Most endearing were her old scrapbooks, kept since 1975, of Newsweek and Time magazine clippings, most likely acquired through friends or contacts working with expats, all describing art abroad.  She mentioned her first memory of exposure to performance art was a LIFE Magazine article about Yoko Ono in 1975/76.  She took it a bit more seriously in the 80s but did not do her first performance until 1997, when Jay Koh from Malaysia came to Myanmar, expressing his desire to share the performances of Myanmar artists through video.  Imagine, the first ever performance piece you act on is videotaped and viewed by a wide audience of fellow artists!
She was born and raised in Mandalay, only arriving in Yangon in 2003.  She studied at an Aborginal University with a professor U Ba Daw (sp?) who taught her watercolor painting.  She was particularly interested in the Surrealist movement and so her early paintings are of large, buoyant objects, gently colored with grays and lavenders, floating in space or along planes with the occasional objects.  She says nobody understood her work and there was much criticism.  But she sold to expats and mainly showed through the American Centre and the Alliance Francaise.

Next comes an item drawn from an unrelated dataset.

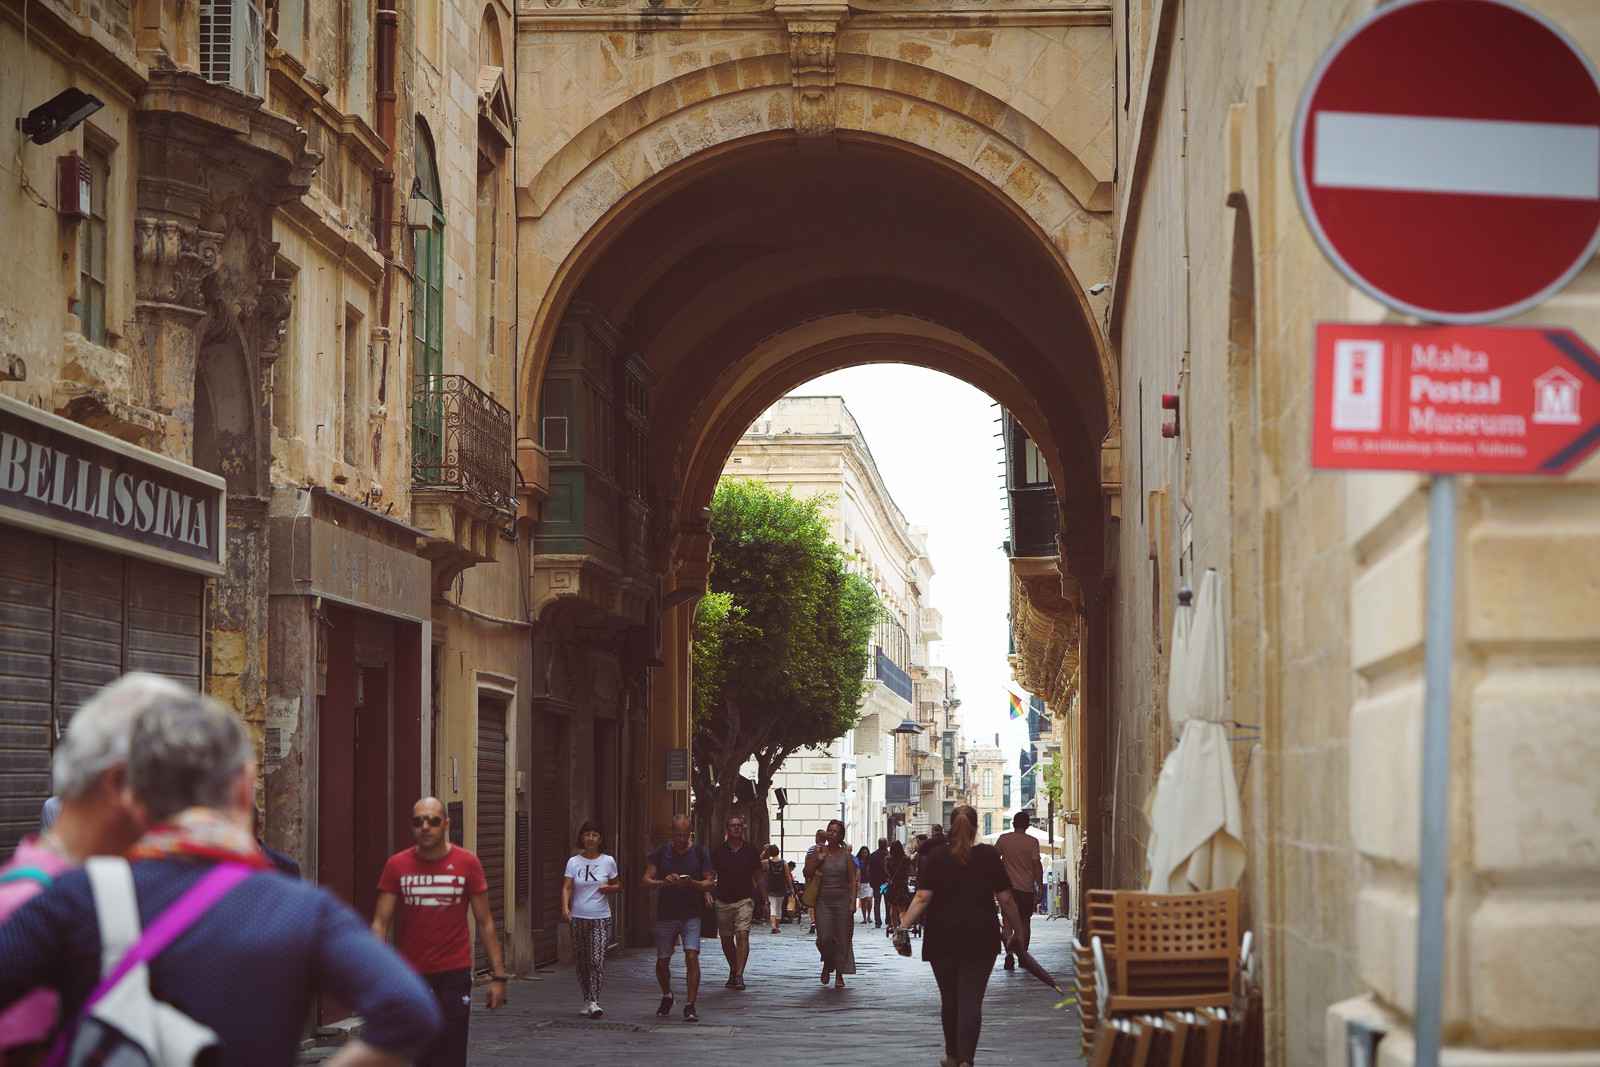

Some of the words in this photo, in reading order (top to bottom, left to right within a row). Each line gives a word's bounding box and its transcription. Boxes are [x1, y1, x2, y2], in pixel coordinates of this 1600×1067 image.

Once she was considered a bit of an old hat at performing she did a tour around Japan, participating in festivals in Tokyo, Osaka, Kyoto, Nagoya and others.  Her favorites props are a birdcage and a balloon, which she often inflates inside the birdcage to signify edges, barriers, suffocation.  She is self-taught.  Read herself to death, found whatever she could and pasted it in her journals and sketchbooks and all the while kept painting, performing and now works with photo-collages and digital manipulation.

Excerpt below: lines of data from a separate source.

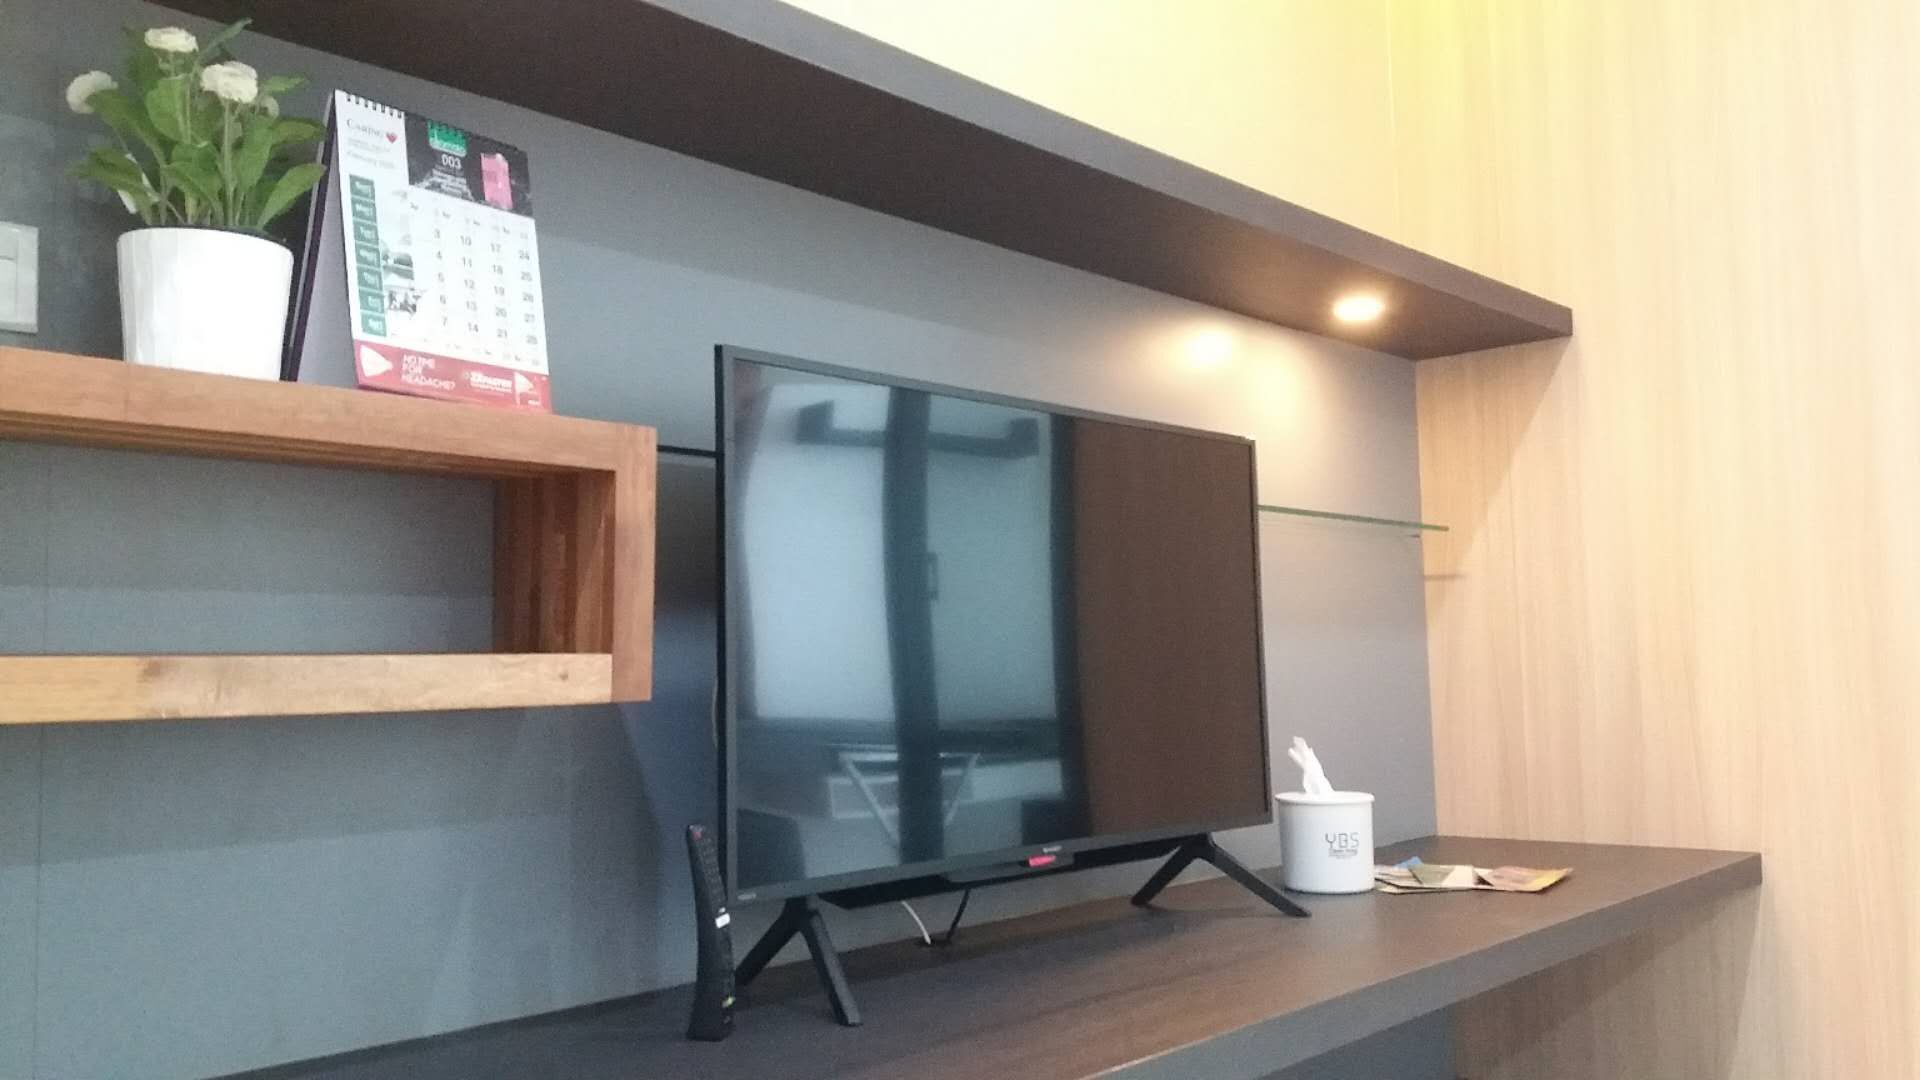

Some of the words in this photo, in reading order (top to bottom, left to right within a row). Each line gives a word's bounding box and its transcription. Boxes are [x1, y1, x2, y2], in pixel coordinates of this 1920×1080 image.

[441, 154, 462, 170] 003
[460, 235, 472, 247] 10
[519, 249, 530, 261] 24
[436, 250, 443, 261] 4
[462, 257, 472, 269] 11
[464, 279, 476, 291] 12
[442, 315, 449, 327] 7
[468, 321, 479, 333] 14
[497, 328, 508, 340] 21
[1324, 832, 1361, 849] YBS

Also mentioned that Aye Ko’s library is for students only – other artists are not allowed to borrow them.  She neglects to elaborate and I know why so I did not probe her.  How awkward to have worked so hard to put on Women’s exhibitions and write about other’s work, only to have your contemporary reject your place and status and general good for the rest of the community. This factioning of the art world is complex and something I hesitate to talk about.  I would never understand it and certainly do not feel it is my place to expose it for what it is.

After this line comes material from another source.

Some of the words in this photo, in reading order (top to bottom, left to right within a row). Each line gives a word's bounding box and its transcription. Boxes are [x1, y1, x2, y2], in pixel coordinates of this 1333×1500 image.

She walked with me to have lunch.  Her plan was to go to an expensive Western looking restaurant and she looked embarrassed when she found out how expensive it was.  I tried to appease the situation by telling her how I wasn’t hungry and we could eat where she normally goes.  Blessing in disguise because we ended up at Nyein Chan Su’s Studio Square, where we ordered in and ate great local food and talked a bit about the Nat Festival and performance.  I promised to bother NCS another time with questions.  I am attempting to have conversations before I start hardcore interviews.  It makes me feel more prepared and they more comfortable. Ah, the luxury of time.
After 2.5 days I’m right where I began – desperate to talk about performance art in Myanmar but totally unsure under what umbrella it should be expanded upon. Do I talk about the connective tissue between modern painting, eventually leading to performance – a sort of model posing to model moving transition?  Or do I talk about the state of performance and the “self” in spite of the institution?  Is performance a citizen of the state? Is the artist having to operate within the idea of the State’s idealism?  In a culture slowing being pried open to the rest of the world, what is the result? Performance?  Is performance to Myanmar what abstract expressionism was to the post WWII world?  An attraction to freedom of movement, of cause, of intent?  In Afghanistan, the Americans are working to subvert the government via the populace.  Is performance art a way for artists to reach the populace through working with the government, rather than in spite of it?  But art is the human drive beyond the government, is it not?